Cabeza, señores, cabeza. No somos bussiness angels ni inversores profesionales y Kickstarter no es para particulares irresponsables.

  1. Gracias Fernando por el artículo. La verdad es que es un tema muy controvertido, no solo por lo que comentas de la posible participación en los beneficios, sino incluso en que muchas veces resulta más caro apoyar un Kickstarter que esperarte a que salga en Steam, además de que si te esperas eliminas el riesgo de que hayas tirado tu dinero por no haberse acabado lanzando el juego.

    • Al final, es una consecuencia de una industria que fomenta las reservas anticipadas, 6 meses antes de que salga el juego en algunos casos. El crowdfunding es una estrategia de las grandes empresas para aprovechar esa ansia viva.

      • A mi me vienen a la cabeza unos cuantos casos, proyectos empezados por gente con recursos suficientes para poder al menos autofinanciarse.

        Así de los más recientes, un conocido Rapero, sello propio, con dos trabajos autoproducidos y publicados, y con unos alargados dedos dentro de la industria musical de este país, ha recurrido al crowdfunding para su próximo trabajo.

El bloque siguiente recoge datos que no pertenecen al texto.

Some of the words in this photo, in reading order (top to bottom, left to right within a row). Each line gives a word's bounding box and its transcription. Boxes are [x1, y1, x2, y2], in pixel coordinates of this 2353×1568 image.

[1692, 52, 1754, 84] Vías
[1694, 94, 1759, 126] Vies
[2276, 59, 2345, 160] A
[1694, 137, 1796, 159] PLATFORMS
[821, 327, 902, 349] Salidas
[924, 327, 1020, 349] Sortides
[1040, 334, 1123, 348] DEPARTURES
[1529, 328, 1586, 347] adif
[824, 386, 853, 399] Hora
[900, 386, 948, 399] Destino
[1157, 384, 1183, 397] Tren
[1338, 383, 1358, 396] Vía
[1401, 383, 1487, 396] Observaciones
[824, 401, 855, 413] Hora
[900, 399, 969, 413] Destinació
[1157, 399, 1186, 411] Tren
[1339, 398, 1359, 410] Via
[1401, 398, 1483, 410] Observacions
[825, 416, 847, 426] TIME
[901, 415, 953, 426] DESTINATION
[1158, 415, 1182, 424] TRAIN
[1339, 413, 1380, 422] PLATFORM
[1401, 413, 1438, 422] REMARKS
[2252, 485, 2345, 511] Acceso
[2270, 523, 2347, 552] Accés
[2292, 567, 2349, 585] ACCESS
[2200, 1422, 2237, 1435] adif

        Por que? por qué llamarlo así, venderlo como “esto no sería posible sin vosotros” cuando es MENTIRA ? claro que sería posible! pero lo que esta haciendo el publico es comprar tu disco sin venderlo, llamalo reserva, compra anticipada, llamalo como quieras pero no lo llames crowdfunding… Creo que son estos casos los que “tapan” a los proyectos que realmente lo necesitan…. este tipo lleva 27K € de 12K que necesitaba… creo que aqui pierde el sentido este sistema…

        y como éste cientos de ejemplos.

        • Es como los estudios gigantes y prestigiosos (Obsidian) pidiendo dinero y ganando la millonada que ganaron.

          Una vergüenza que quita recursos a los que verdaderamente importan.

        • Claro, a lo que voy es, el Crowdfunding lleva funcionando años para pequeños proyectos, siendo una herramienta en algunos casos la única que han tenido para llegar a buen puerto.

          Hemos vivido la “moda” y ahora por esto, grandes compañías quieren hacerte sentir parte, para realmente conseguir que gastes tu dinero antes de que ellos hagan nada…. fastidiando las posibilidades de los mas pequeños, dandoles las migajas del “mecenas de a pie”…

    • Nosotros hicimos ya un crowdfunding y recomendamos siempre tenerla como una última opción, descartando préstamos bancarios que son peor.

      Sobretodo, hay que tener las cosas claras, nunca pedir menos de lo que necesitas e intentar ser responsable con el presupuesto del proyecto. Lo más importante de cara a la gente, es ser honesto y transparente. No tener miedo de decir “pues mira, nos hemos retrasado para tal, pero traemos avances de lo que vamos haciendo”.

      Es una presión muy grande, pero la gente te entiende siempre y cuando no les mientas y no te gastes el dinero en otra cosa.

    • Pero tú tienes un juegazo a las espaldas como Unepic, en el que has cumplido todas las promesas que hiciste.

      Conque hayas dado confianza al usuario y seas cercano a él (y transparente), no hay problema con el Kickstarter. El problema es cuando eso falta.

  2. Me parece muy bien la noticia y ya era hora de que lo regulasen o controlaran. La gente suelta pasta con mucha facilidad y a muchos les gusta demasiado el dinero fácil y sin compromiso.

  3. Totalmente de acuerdo. A mí me tiene un poco harta el hecho de que cuando critico este tipo de cosas, los fanboys de los famosetes (como DoubleFine mismamente) se me echan al cuello diciendo que me invento cosas.

    En fin, que la gente que vaya a financiar algo, debería de pensar si realmente merece la pena arriesgar dinero de sus bolsillos cuando lo que están vendiéndote es humo. Y hablo de los casos donde solo exponen una idea con 3 bocetos y un video donde utilizan la palabra “indie” por puro marketing y donde muestran incluso fotos de su infancia (sí, se ha llegado a esto aunque parezca mentira).

    • En una industria que genera humo y más humo, es normal también que los nuevos generen aun más.

      Es una pena que al final hayamos acabado así pero todos los implicados debemos conseguir cambiarlo.